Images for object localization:

>>>>

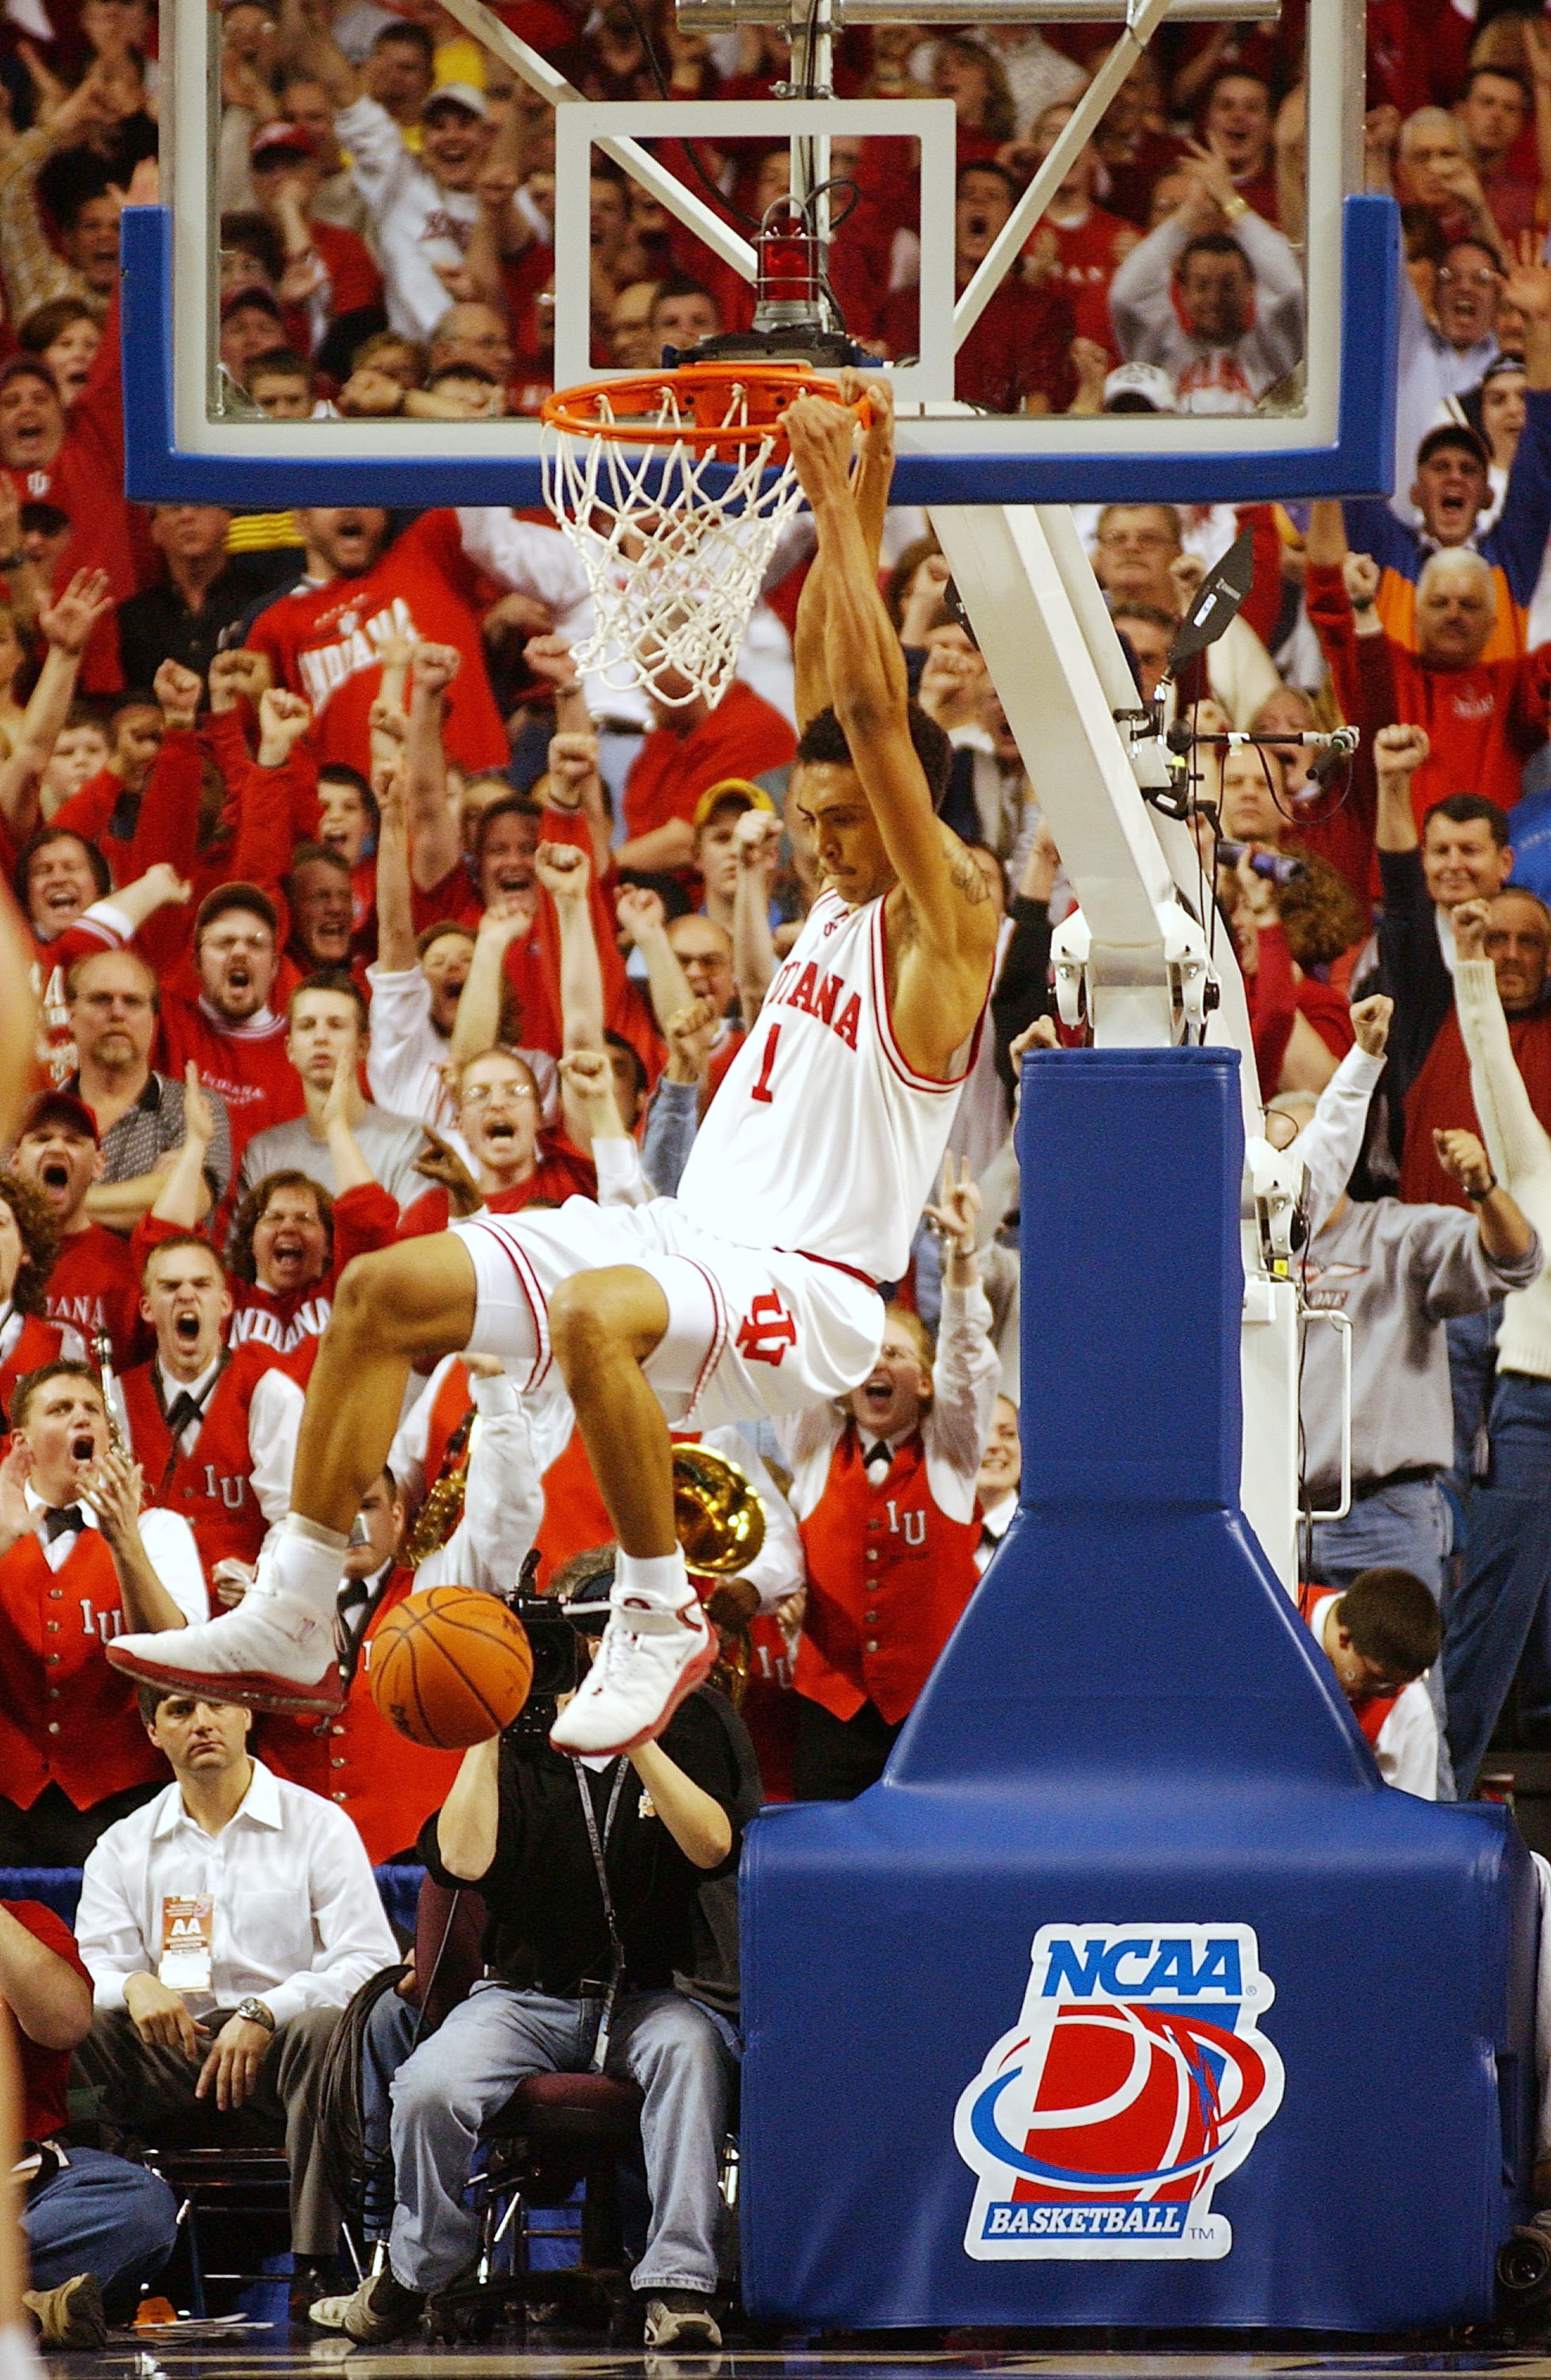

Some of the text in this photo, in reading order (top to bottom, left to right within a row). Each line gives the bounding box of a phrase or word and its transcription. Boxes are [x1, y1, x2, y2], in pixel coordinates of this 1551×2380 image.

[751, 1023, 781, 1103] 1
[204, 1464, 244, 1508] IU
[886, 1500, 925, 1545] IU
[80, 1599, 121, 1644] IU
[170, 1917, 202, 1936] AA
[1041, 1939, 1243, 1997] NCAA
[989, 2207, 1181, 2234] BASKETBALL

<<<<

- **Description of the task**: Omit the pictures, then output every record exactly as given.

- **Solution for this task**:
Some of the text in this photo, in reading order (top to bottom, left to right within a row). Each line gives the bounding box of a phrase or word and its transcription. Boxes are [x1, y1, x2, y2], in pixel coordinates of this 1551×2380 image.

[751, 1023, 781, 1103] 1
[204, 1464, 244, 1508] IU
[886, 1500, 925, 1545] IU
[80, 1599, 121, 1644] IU
[170, 1917, 202, 1936] AA
[1041, 1939, 1243, 1997] NCAA
[989, 2207, 1181, 2234] BASKETBALL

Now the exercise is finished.